CSS Nashville was a brig-rigged, side-paddle-wheel passenger steamer that served with the Confederate Navy during the Civil War.

History
Originally a United States Mail Service ship, the USMS Nashville was built at Greenpoint, Brooklyn in 1853. Between 1853 and 1861 she was engaged in running between New York City and Charleston, South Carolina.  During the Battle of Fort Sumter, the USMS Nashville sailed into Charleston without flying the US national standard and was fired upon by the USRC Harriet Lane which marked the first shot of the naval war in the Civil War.  The Nashville raised the American flag, and after the surrender of Sumter, the Nashville docked at Charleston.

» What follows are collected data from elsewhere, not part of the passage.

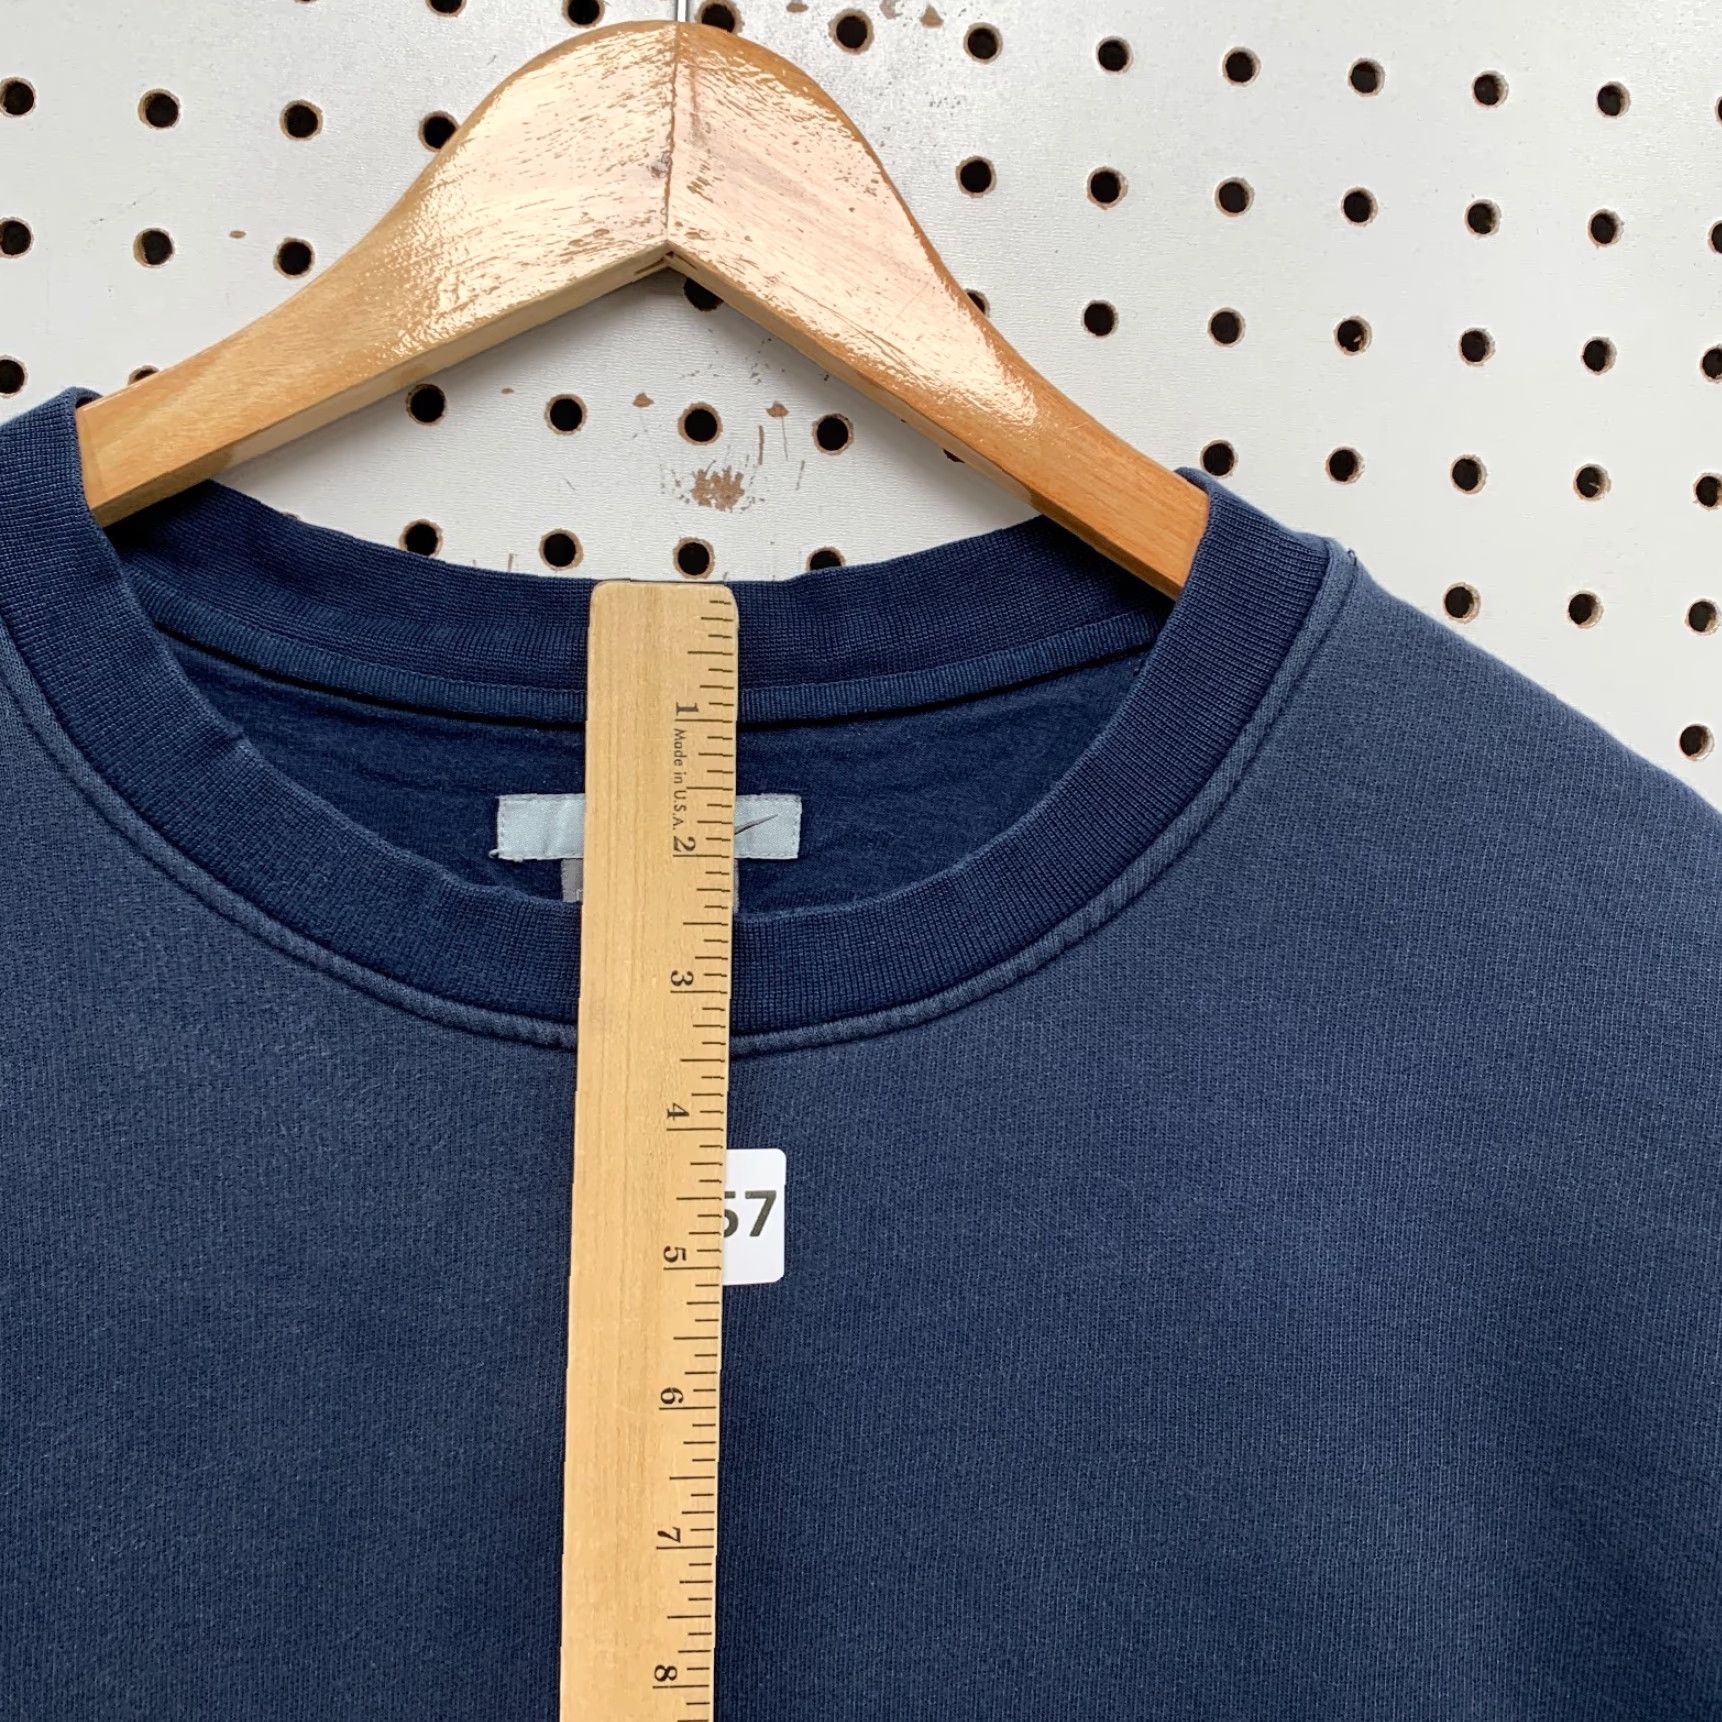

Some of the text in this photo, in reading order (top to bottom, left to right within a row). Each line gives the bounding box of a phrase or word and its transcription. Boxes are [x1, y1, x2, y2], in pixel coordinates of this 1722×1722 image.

[675, 702, 699, 716] 1
[672, 728, 688, 831] Made in U.S.A.
[673, 836, 697, 852] 2
[670, 970, 694, 987] 3
[666, 1102, 690, 1121] 4
[663, 1245, 687, 1263] 5
[660, 1386, 684, 1405] 6
[656, 1526, 681, 1543] 7
[654, 1664, 678, 1682] 8

After the fall of Fort Sumter, the Confederates captured her at Charleston and fitted her out as a cruiser. Under the command of Lieutenant Robert B. Pegram, CSN, she ran the blockade on October 21, 1861, and headed across the Atlantic to Southampton, England, the first ship of war to fly the Confederate flag in English waters. On November 19, 1861, near the British Isles, she boarded and burned an American merchant ship, the Harvey Birch, the first such action by a Confederate commerce raider in the North Atlantic during the war.

Nashville returned to Beaufort, North Carolina on February 28, 1862, having captured two prizes worth US$66,000 during the cruise. In this interval she was sold for use as a blockade runner and renamed Thomas L. Wragg.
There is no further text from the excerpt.